Market wrap: Global optimism boosts stocks, Bitcoin holds support , Ethereum bulllish

The improved global risk sentiment stems largely from renewed optimism surrounding prospective trade deals and a surprisingly robust US jobs report. The April nonfarm payrolls data, which revealed the addition of 177,000 new jobs, well above the consensus estimate of 138,000, has bolstered confidence in the resilience of the US economy.

Meanwhile, the unemployment rate has held steady at 4.2 per cent, indicating a labour market that, while not showing signs of significant slowdown, remains balanced. However, this rosy picture comes with a caveat: the lingering effects of recent tariffs have yet to fully materialise in the economic data. As these measures filter through supply chains and consumer prices, their impact could temper this optimism in the months ahead, introducing an element of uncertainty that investors would be wise to monitor.

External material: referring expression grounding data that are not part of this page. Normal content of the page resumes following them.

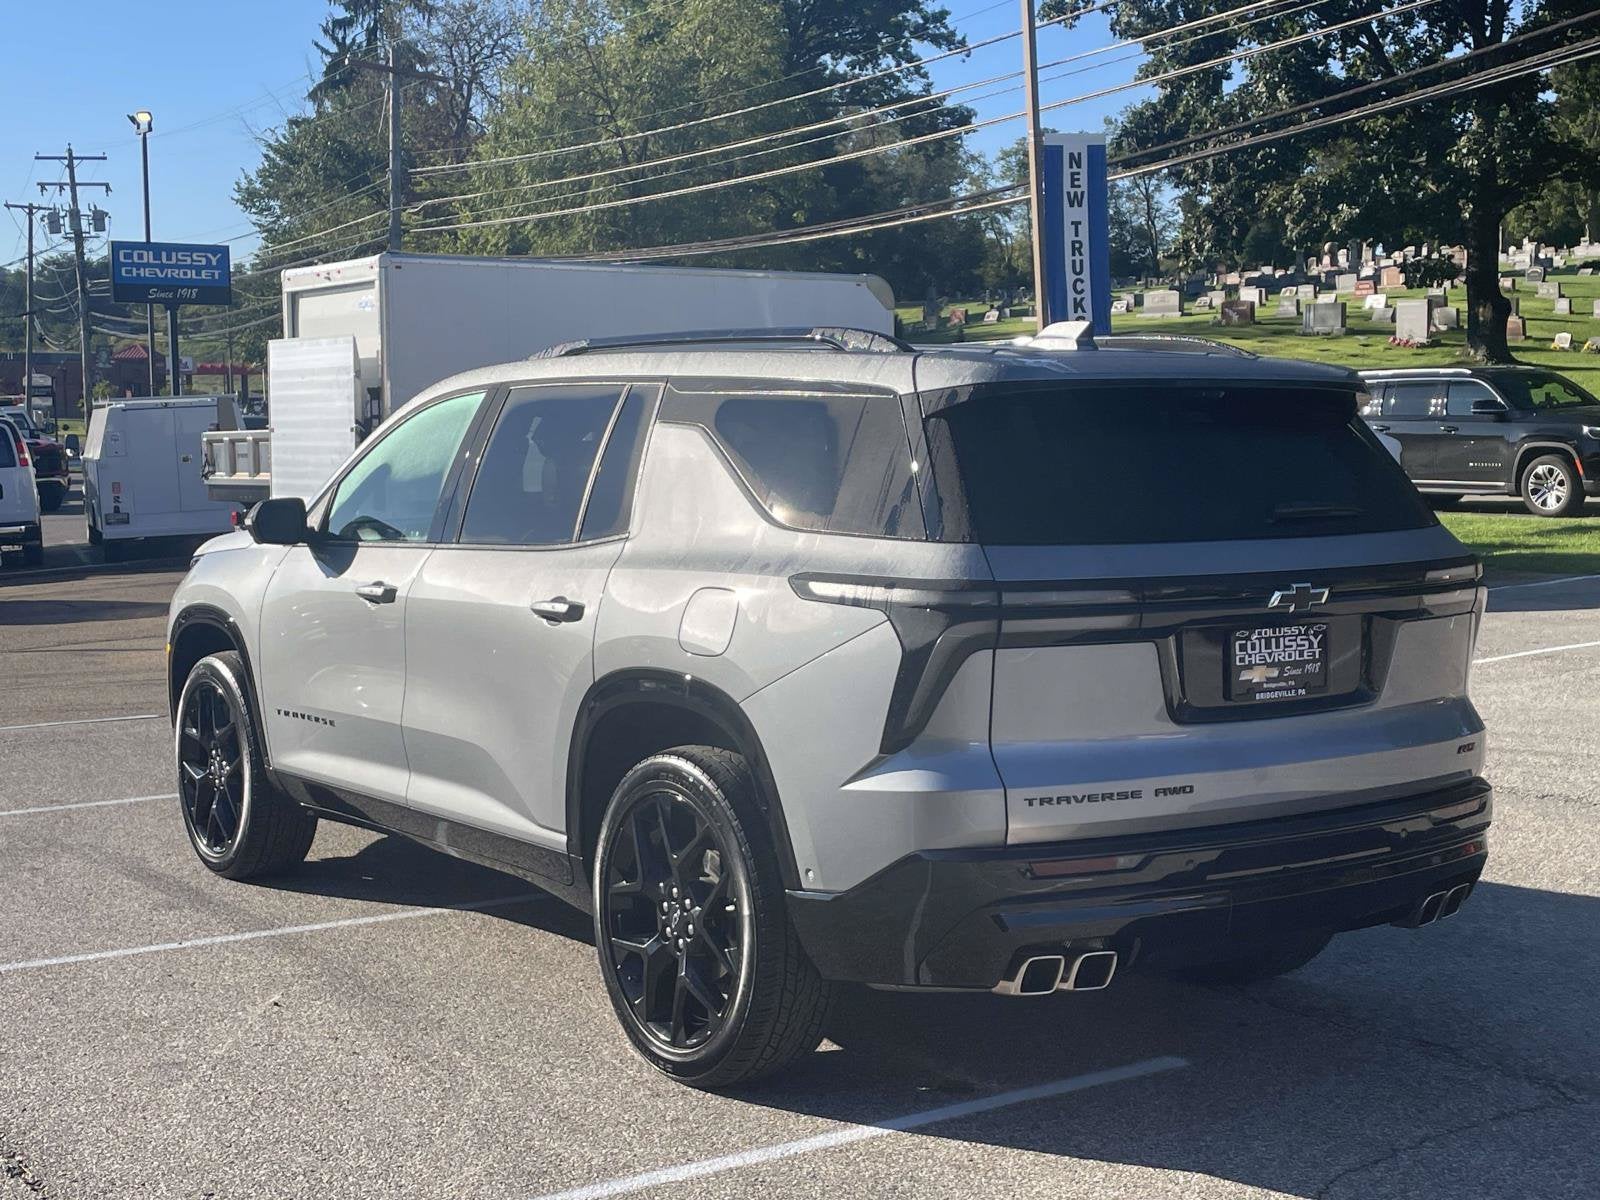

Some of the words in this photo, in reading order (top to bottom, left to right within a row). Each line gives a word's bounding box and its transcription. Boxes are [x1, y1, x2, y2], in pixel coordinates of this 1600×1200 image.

[1066, 151, 1085, 208] NEW
[119, 249, 222, 266] COLUSSY
[121, 267, 222, 280] CHEVROLET
[1070, 220, 1087, 321] TRUCK
[148, 288, 173, 299] Since
[176, 288, 199, 299] 1918
[1254, 625, 1308, 639] COLUSSY
[1235, 634, 1323, 655] COLUSSY
[1235, 648, 1322, 666] CHEVROLET
[1283, 665, 1302, 677] Since
[1304, 662, 1321, 674] 1918
[1298, 688, 1306, 696] PA
[1024, 790, 1143, 807] TRAVERSE
[1154, 784, 1194, 797] AWD

In the equity markets, the S&P 500 has emerged as a standout performer, climbing 1.5 per cent and extending its winning streak to nine consecutive days—the longest such run in two decades. This remarkable rally, which has seen gains across all major sectors, reflects a broad-based confidence among investors, likely fuelled by the combination of strong economic fundamentals and expectations of continued policy stability. Such an extended period of uninterrupted gains is rare and speaks to the current strength of market sentiment.

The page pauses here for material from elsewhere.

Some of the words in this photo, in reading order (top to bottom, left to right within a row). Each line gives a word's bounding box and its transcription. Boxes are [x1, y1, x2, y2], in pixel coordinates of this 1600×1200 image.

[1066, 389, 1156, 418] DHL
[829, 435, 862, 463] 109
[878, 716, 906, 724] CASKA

Yet, history suggests that prolonged upward trajectories can sometimes precede corrections, as valuations stretch and profit-taking becomes tempting. For now, though, the focus remains on the positive, with corporate earnings season providing further opportunities to gauge the health of US businesses. With 2,043 firms, including 94 from the S&P 500, set to report between May 5 and May 9, these results will offer critical insights into whether this rally has legs or if cracks are beginning to form beneath the surface.

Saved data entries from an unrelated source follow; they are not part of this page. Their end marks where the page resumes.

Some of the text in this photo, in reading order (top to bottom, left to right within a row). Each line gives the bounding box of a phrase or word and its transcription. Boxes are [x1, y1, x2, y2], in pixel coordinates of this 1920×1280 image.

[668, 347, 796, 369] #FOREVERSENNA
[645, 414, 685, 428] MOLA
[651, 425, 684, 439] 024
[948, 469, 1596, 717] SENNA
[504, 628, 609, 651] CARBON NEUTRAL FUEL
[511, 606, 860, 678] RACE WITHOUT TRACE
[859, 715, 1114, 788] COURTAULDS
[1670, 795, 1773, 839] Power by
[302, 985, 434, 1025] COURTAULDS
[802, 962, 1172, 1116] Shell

The bond market, meanwhile, has seen a notable shift, with US Treasury yields rising across the curve. The 10-year Treasury yield increased by 9.1 basis points to close at 4.308 per cent, while the two year yield surged by 12.5 basis points to 3.824 per cent. This upward movement in yields signals a retreat from recession fears that had previously weighed on investor sentiment. Market participants now appear to anticipate that the Federal Reserve will keep interest rates steady for an extended period, a stance that aligns with the robust jobs data and easing concerns about an economic downturn.

Higher yields can serve as a double-edged sword: they attract income-seeking investors and bolster confidence in risk assets, but they also raise borrowing costs, which could eventually constrain growth in sectors reliant on cheap credit, such as real estate and consumer goods. For now, the market seems to be interpreting this development as a sign of strength rather than a harbinger of trouble.

Currency and commodity markets have also responded to these dynamics. The US Dollar index slipped by 0.22 per cent to 100.030, reflecting a slight weakening against a basket of major currencies. This decline aligns with the improved global risk appetite, as investors shift away from the dollar’s traditional safe-haven status toward higher-yielding opportunities elsewhere.

Gold, another classic safe-haven asset, edged up by 0.04per cent, a modest gain that might seem puzzling amid a weakening dollar and rising risk sentiment. This uptick could indicate a hedging strategy among some investors, perhaps as a precaution against potential inflationary pressures or geopolitical surprises down the road. In contrast, Brent crude oil has continued to slide, dropping 1.4 per cent and marking its second consecutive weekly loss.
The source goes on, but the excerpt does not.